Enfin, la déception et la défiance ne sont pas l’unique apanage des porteurs de parts-clients. Des praticiens peuvent les expérimenter face à la « candeur » de certains clients :
‘« […] En tant qu’expert-comptable, quand on est au départ du montage, il est important d’être prudent. C’est vrai que le client n’a qu’une envie, c’est que le loyer couvre la totalité de l’emprunt. Mais quand on lui dit que fiscalement c’est pas possible et qu’économiquement parlant c’est pas possible non plus, parce que le loyer ne devait pas dépasser entre 10 et 12% de la valeur du bien, il fallait pas que ça soit plus cher, c’est sûr.
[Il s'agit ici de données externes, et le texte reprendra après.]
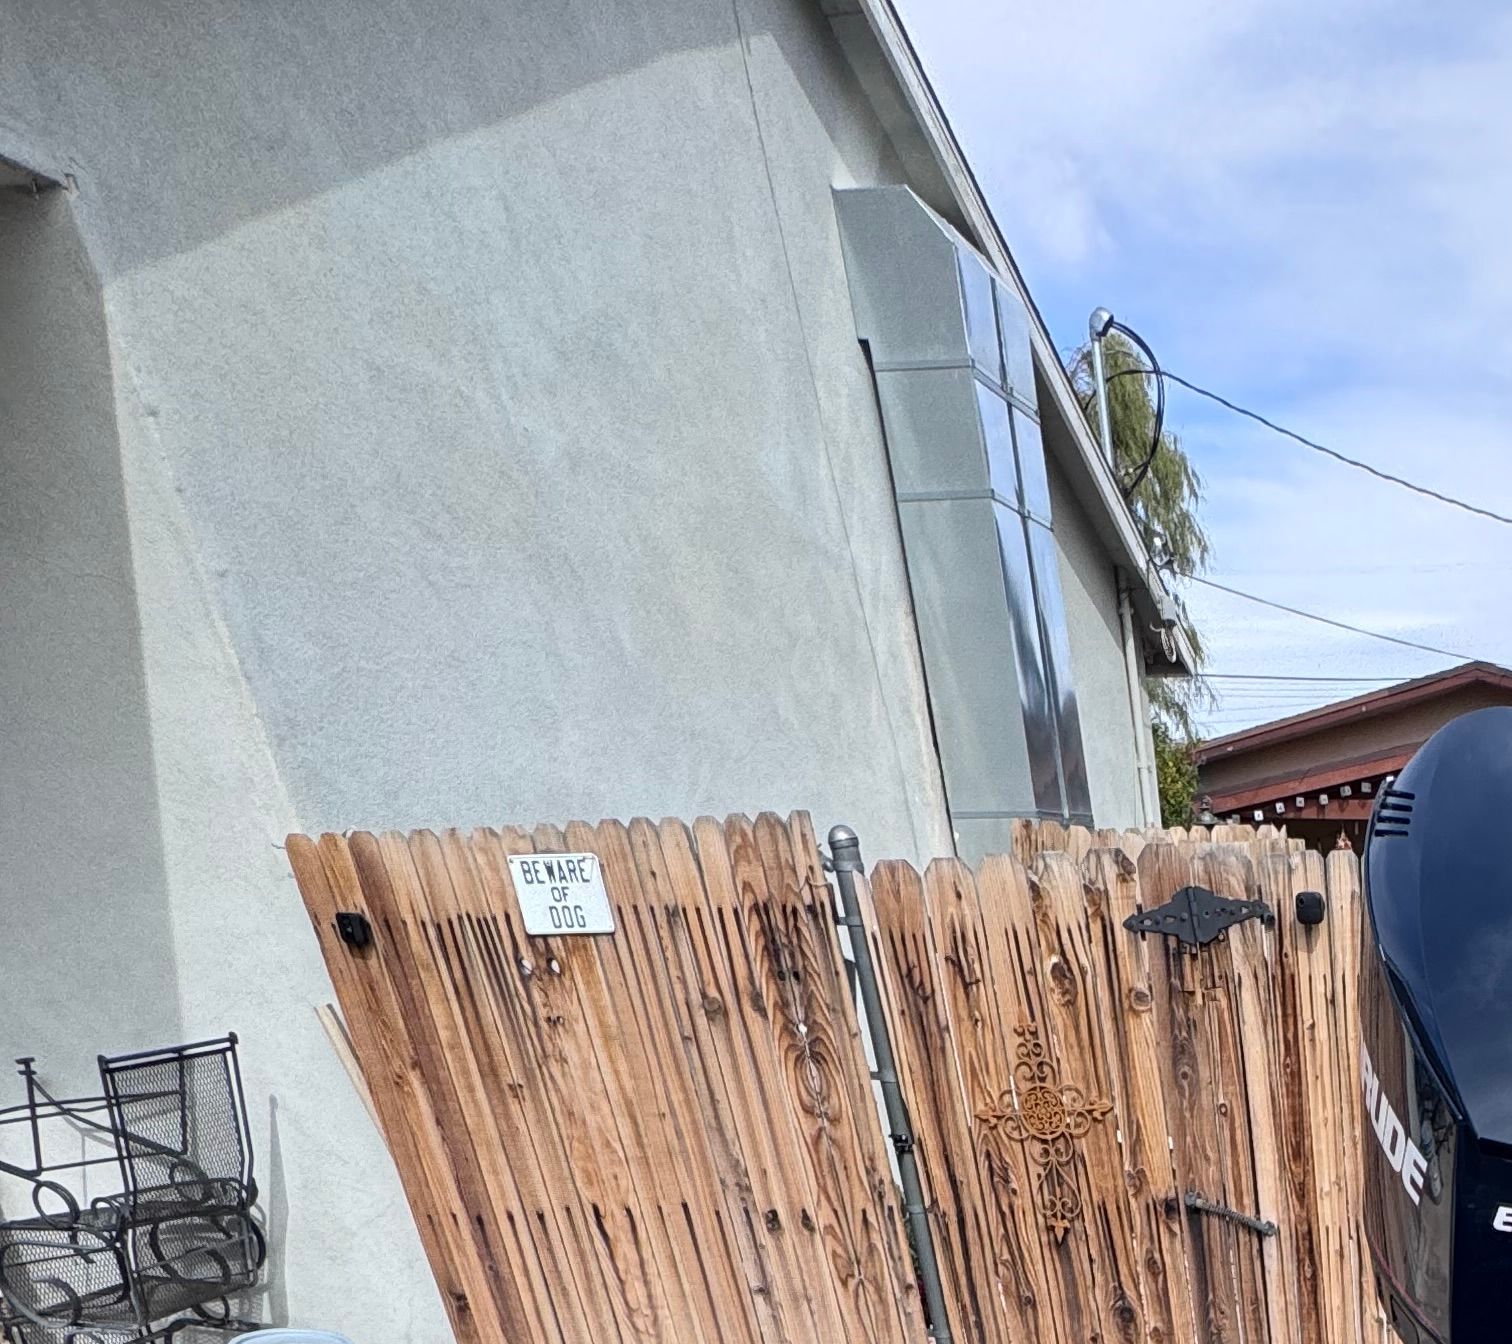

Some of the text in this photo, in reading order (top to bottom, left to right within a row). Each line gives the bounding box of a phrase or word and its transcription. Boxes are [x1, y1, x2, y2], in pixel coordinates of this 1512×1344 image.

Alors maintenant qu’il y ait des clients qui disent « Je veux pas savoir, je prends le risque », c’est leur problème (dépit) ! On les a prévenus… »Par cette illustration pratique de la sur-évaluation des loyers 571 , le praticien met en évidence une inadéquation des rationalités individuelles. L’idéologie fiscale qui agite quelques clients relève, même s’il ne le dit pas en ces termes, d’une « naïveté » qu’il a du mal à accepter (cf. aussi supra, § 9.1). Un client peut vouloir monter une SCI à cette fin alors que le praticien le met en garde. Contre vents et marées, le client peut se montrer insistant et dédaigner des avertissements de son conseiller. Un déséquilibre relationnel apparaît alors. Par sa fermeté, le client sort du champ de la rationalité instrumentale. Sa « naïveté » se meut en rationalité subjective ; c’est elle qui prend le dessus et qui heurte les principes d’un praticien las de tels agissements. Il l’aura prévenu mais ses raisons et ses croyances sont plus fortes. Ici, nous nous éloignons des incuries professionnelles précitées. Le client croit que sa résolution lui rapportera et que le praticien agréera le montage et son idée. S’il applique sa déontologie à la lettre et croit en ses préceptes, sa défection morale peut dériver sur une rupture ou une défection contractuelle. Nous sommes non seulement confronté à une opposition entre représentations sociales/individuelles et rationalité objective ou formelle, mais aussi à un choc des univers de croyances.
Cf. supra, note de bas de page n° 514.
Nous pourrions aussi évoquer les cas de sous-évaluation locative.